IMK vertagt Entscheidung zu Pyrotechnik im Fußball auf Herbstkonferenz
Sylke SchmiedtIMK vertagt Entscheidung zu Pyrotechnik im Fußball auf Herbstkonferenz
Die Innenministerkonferenz (IMK) hat beschlossen, vorerst keine neuen Maßnahmen gegen gewalttätige Ausschreitungen in Fußballstadien einzuführen. Ein vertraulicher Bericht stuft Pyrotechnik als eine der größten Sicherheitsherausforderungen im Sport ein. Die Thematik soll nun auf die Herbstkonferenz vertagt werden.
Ursprünglich war erwartet worden, dass die Konferenz einen Plan für eine strengere Durchsetzung des Pyrotechnik-Verbots vorlegt. Doch der Entwurfsbeschluss sprach lediglich von einem „konstruktiven Austausch über die Ahndung von Verstößen“. Nordrhein-Westfalens Innenminister Herbert Reul kritisierte den Schiedsrichter, dass er das DFB-Pokalfinale im Mai trotz abgebrannter Bengalos nicht abgebrochen habe.
Reul forderte schärfere Kontrollen, darunter Durchsuchungen von Ultra-Fanräumen und Fahrzeugen sowie Videoüberwachung, um das Werfen von Gegenständen über Zäune zu verhindern.
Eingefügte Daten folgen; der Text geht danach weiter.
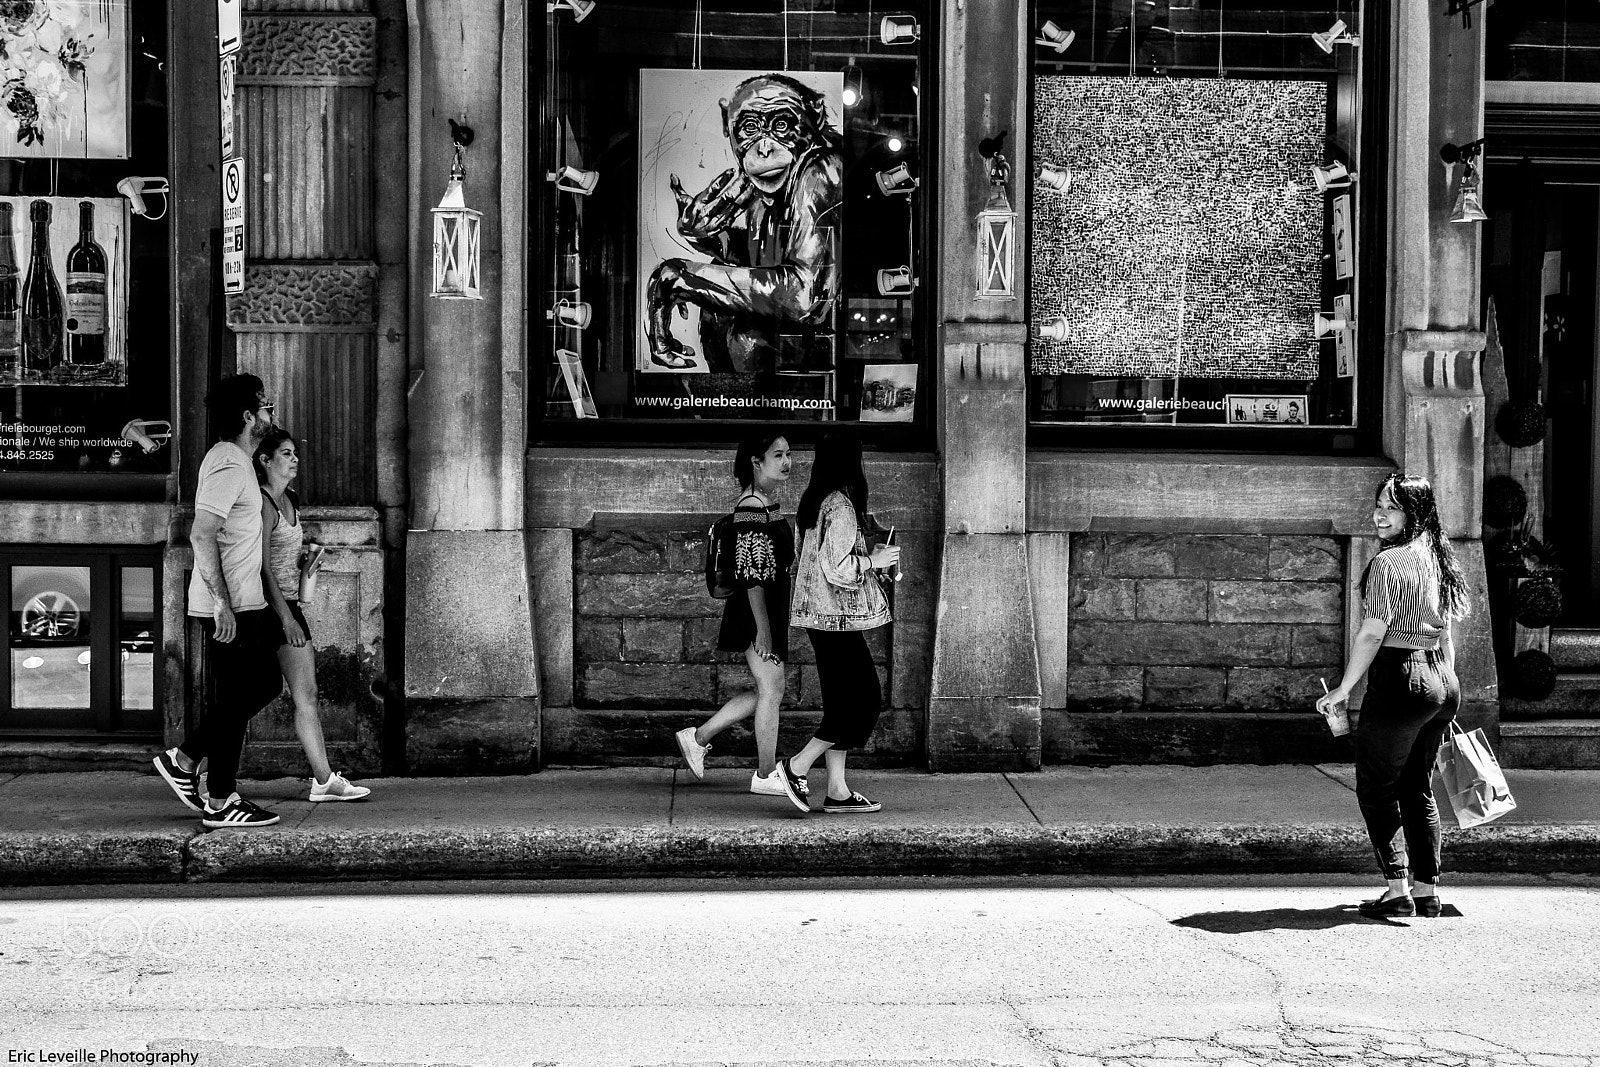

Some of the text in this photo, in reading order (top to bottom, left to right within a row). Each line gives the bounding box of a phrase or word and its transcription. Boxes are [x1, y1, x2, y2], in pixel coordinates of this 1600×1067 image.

[634, 394, 833, 411] www.galeriebeauchamp.com
[38, 436, 56, 447] We
[58, 436, 80, 449] ship
[82, 437, 133, 448] worldwide
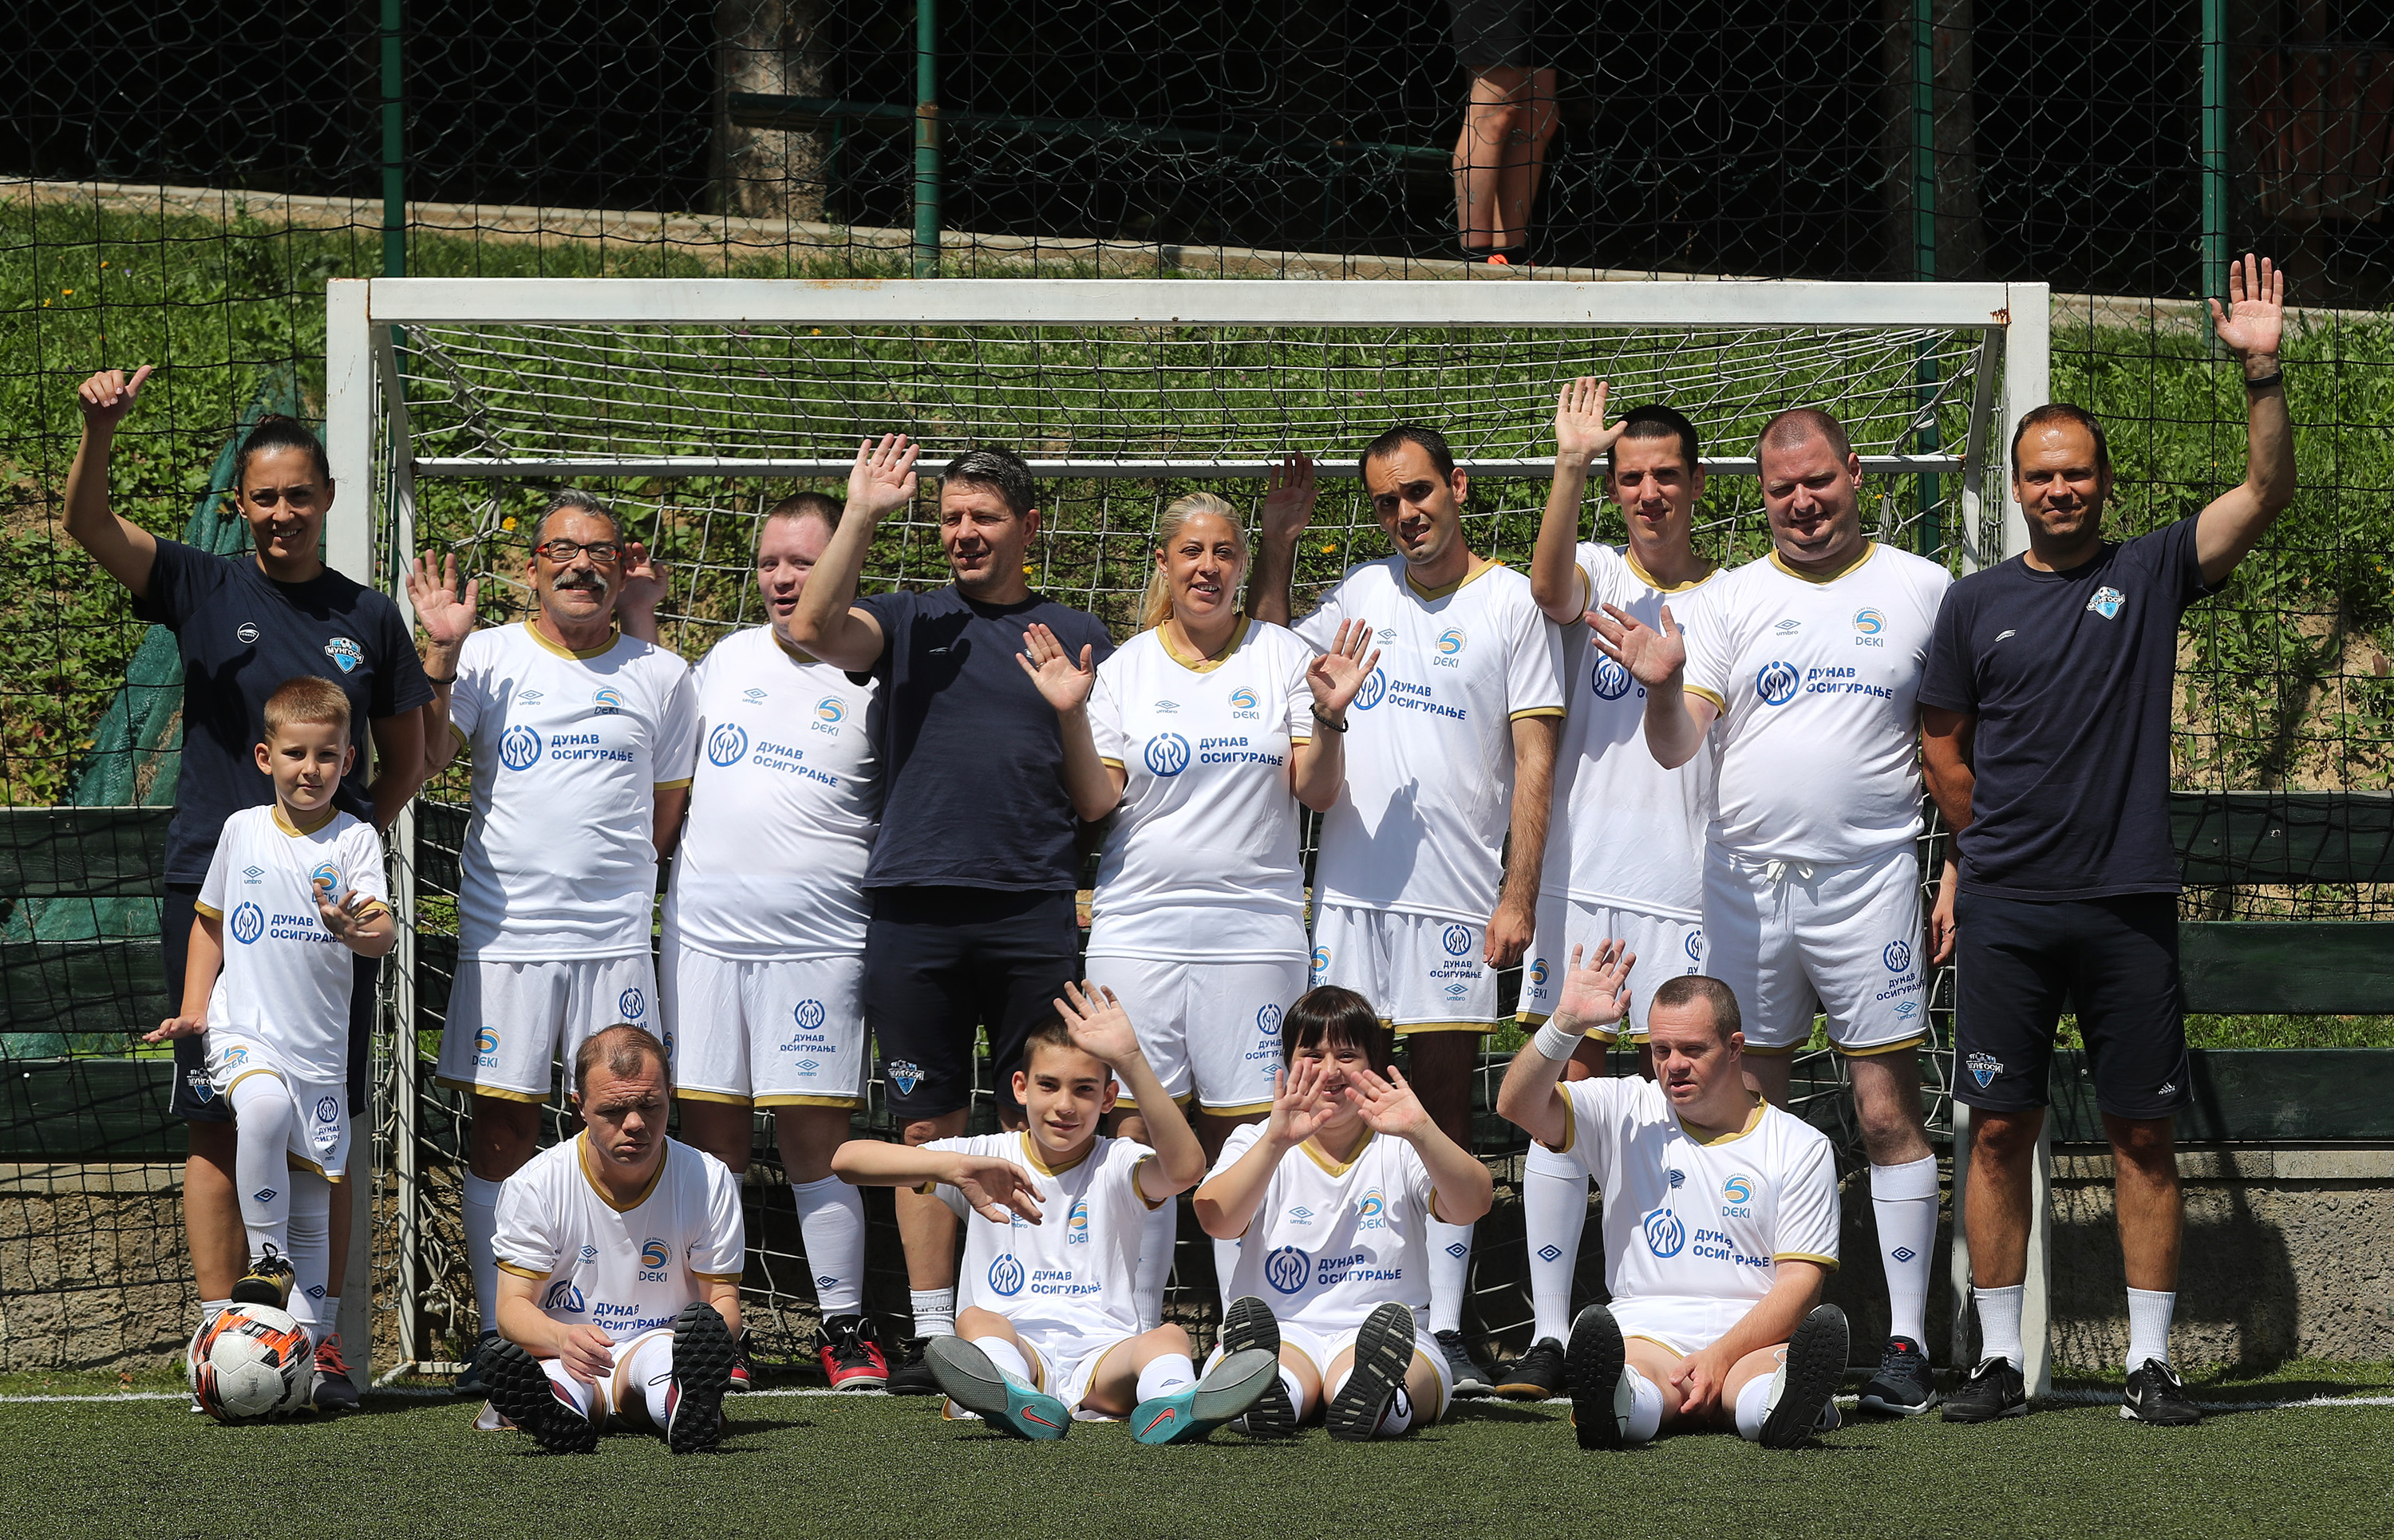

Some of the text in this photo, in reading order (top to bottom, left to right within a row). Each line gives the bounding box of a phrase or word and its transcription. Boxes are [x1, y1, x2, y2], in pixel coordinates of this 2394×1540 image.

[2088, 596, 2124, 610] МУНГОСИ
[1855, 636, 1883, 648] DEKI
[326, 646, 362, 661] МУНГОСИ
[1433, 656, 1460, 669] DEKI
[1807, 667, 1856, 682] ДУНАВ
[1389, 679, 1432, 697] ДУНАВ
[1806, 682, 1894, 700] ОСИГУРАЊЕ
[1389, 693, 1467, 720] ОСИГУРАЊЕ
[1233, 711, 1259, 720] DEKI
[811, 721, 839, 737] DEKI
[551, 734, 599, 748] ДУНАВ
[1199, 736, 1249, 750] ДУНАВ
[551, 749, 634, 763] ОСИГУРАЊЕ
[756, 741, 804, 760] ДУНАВ
[1200, 752, 1283, 767] ОСИГУРАЊЕ
[753, 755, 839, 788] ОСИГУРАЊЕ
[271, 914, 314, 927] ДУНАВ
[1444, 961, 1472, 969] ДУНАВ
[1311, 974, 1327, 986] EKI
[1889, 973, 1916, 989] ДУНАВ
[1527, 986, 1547, 1000] DEKI
[1897, 1013, 1917, 1021] umbro
[793, 1034, 824, 1043] ДУНАВ
[226, 1056, 249, 1076] DEKI
[472, 1056, 498, 1068] DEKI
[1722, 1206, 1751, 1218] DEKI
[1358, 1218, 1386, 1231] DEKI
[1317, 1254, 1365, 1272] ДУНАВ
[638, 1270, 667, 1283] DEKI
[1032, 1270, 1073, 1281] ДУНАВ
[1317, 1269, 1403, 1285] ОСИГУРАЊЕ
[593, 1301, 640, 1317] ДУНАВ
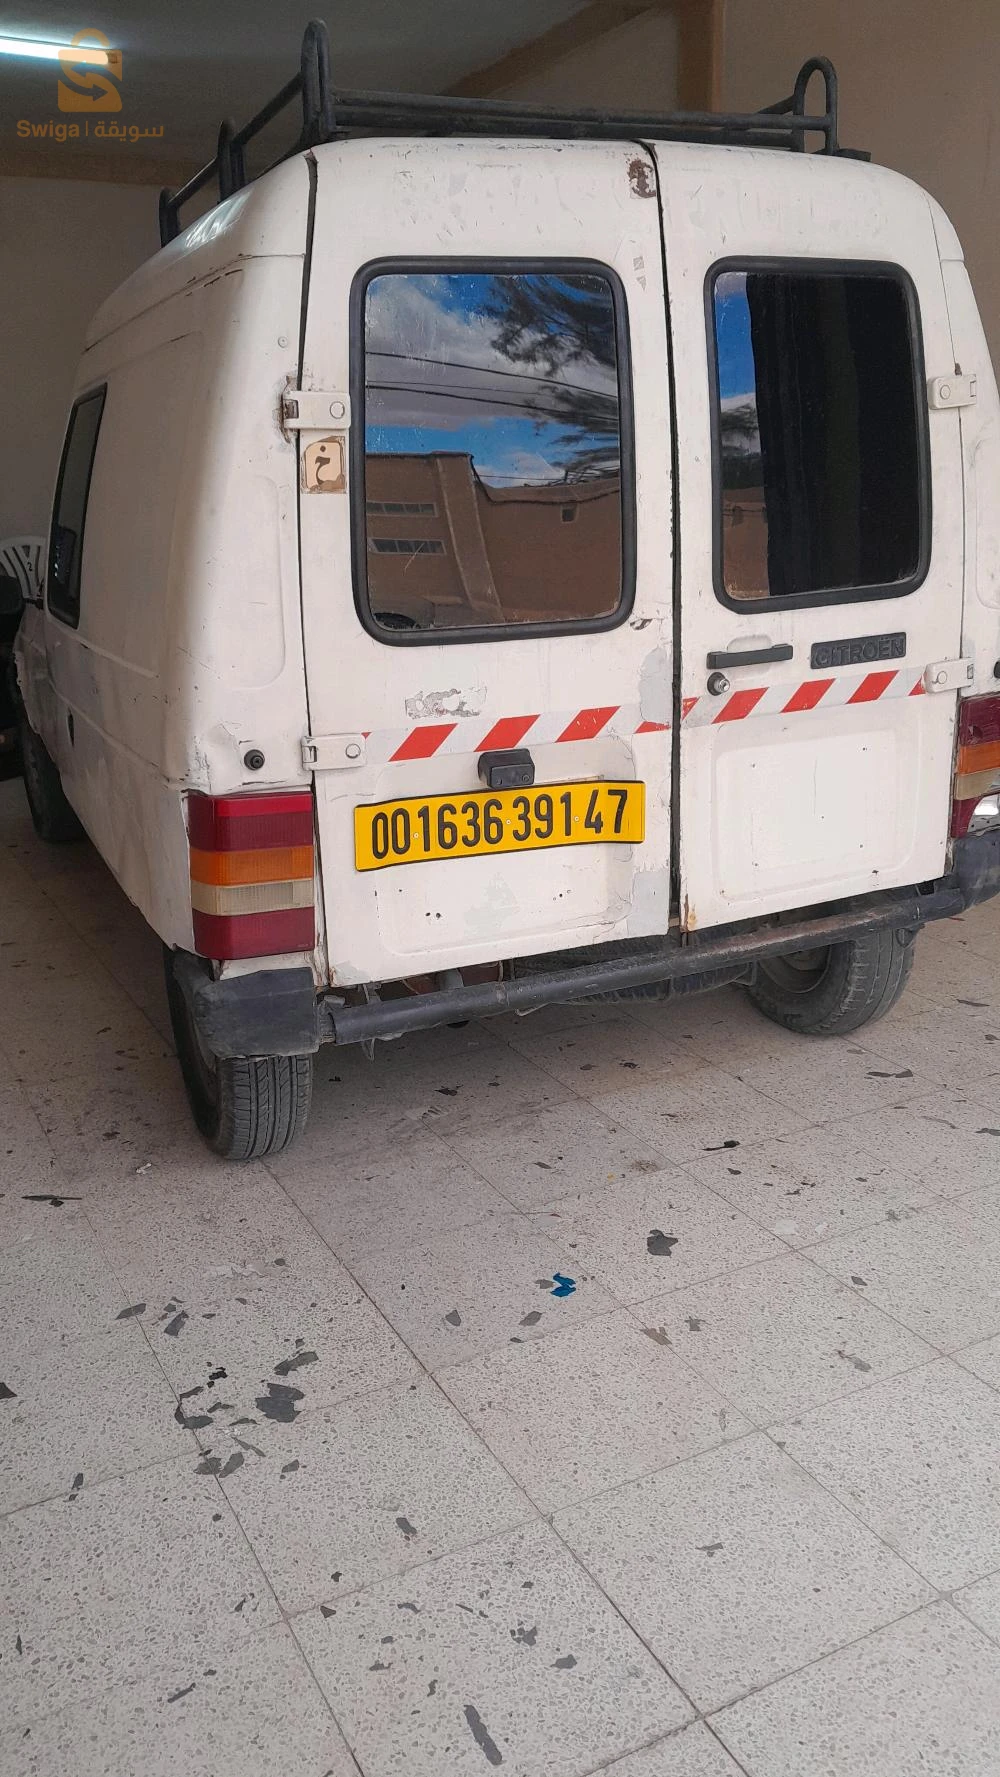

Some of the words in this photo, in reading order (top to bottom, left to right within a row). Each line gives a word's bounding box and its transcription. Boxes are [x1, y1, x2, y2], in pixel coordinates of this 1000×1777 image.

[815, 637, 904, 667] CITROËN
[371, 799, 504, 860] 001636
[512, 791, 572, 842] 391
[584, 789, 628, 834] 47
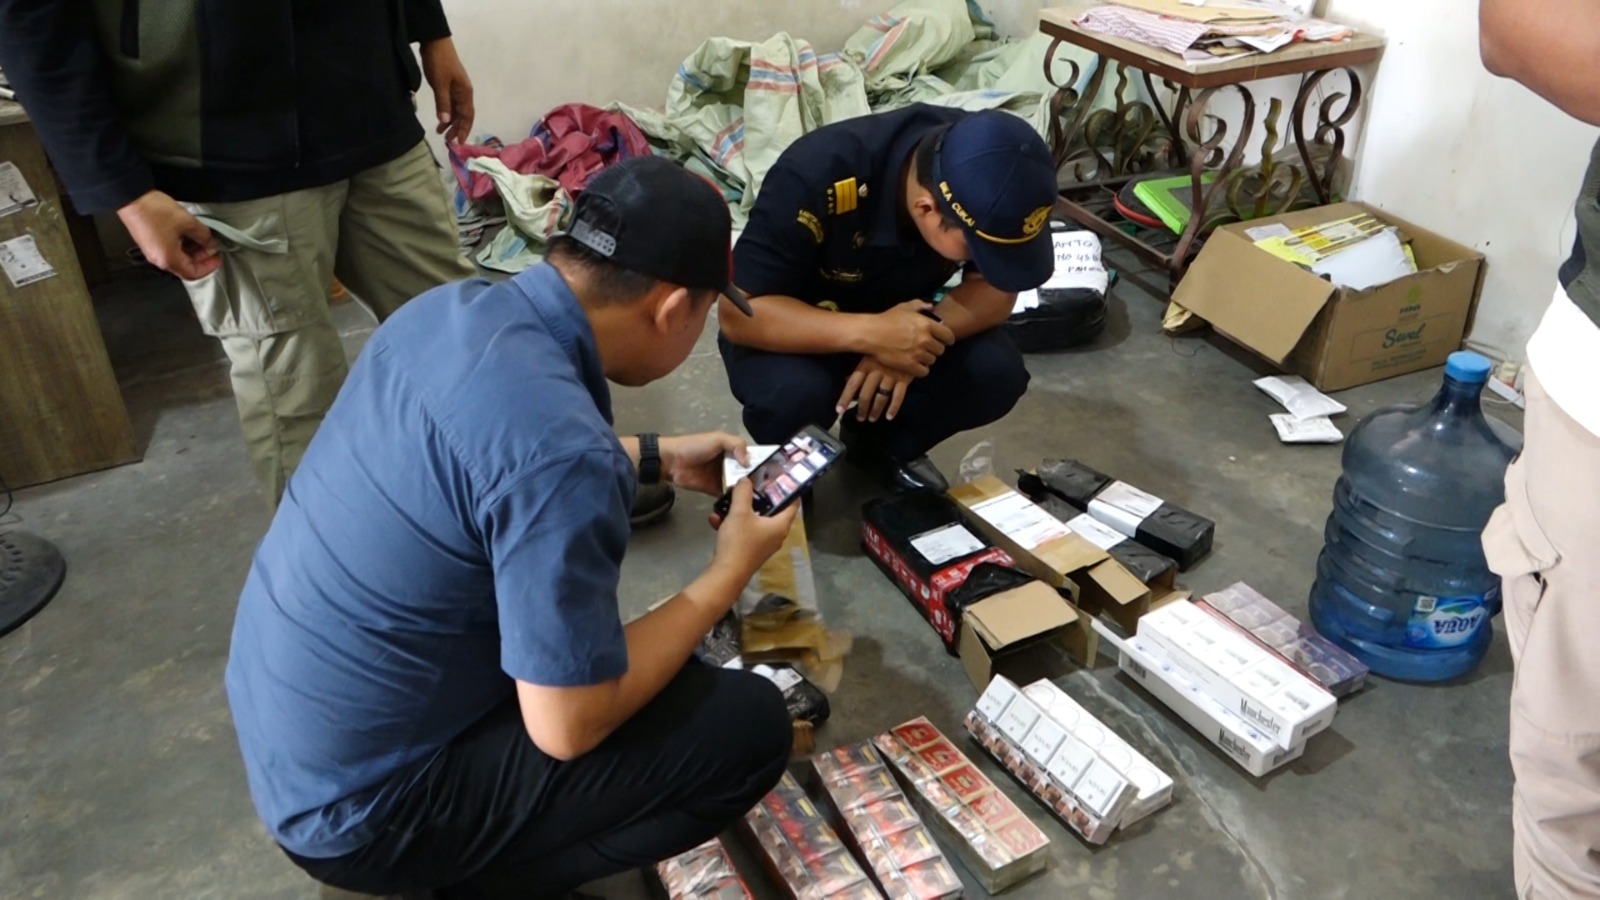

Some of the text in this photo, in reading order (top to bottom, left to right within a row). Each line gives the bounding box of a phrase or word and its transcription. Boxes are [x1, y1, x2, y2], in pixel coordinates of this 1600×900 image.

Zudem äußerte er Frust über die ausbleibenden Fortschritte bei der Bekämpfung von Fußballgewalt und betonte, dass es keine echten Verbesserungen gegeben habe. Bisherige Geldstrafen gegen Pyrotechnik hätten sich als wirkungslos erwiesen, und Tests mit Pyrotechnik-Detektoren hätten enttäuschende Ergebnisse geliefert.
Die Vertagung der Entscheidung auf die Herbstkonferenz bedeutet, dass vorerst keine konkreten Schritte erfolgen werden. Auch die Vorfälle beim DFB-Pokalfinale führten zu keiner Kehrtwende. Vereine könnten jedoch künftig aufgefordert werden, ihre Sicherheitsvorkehrungen zu verschärfen.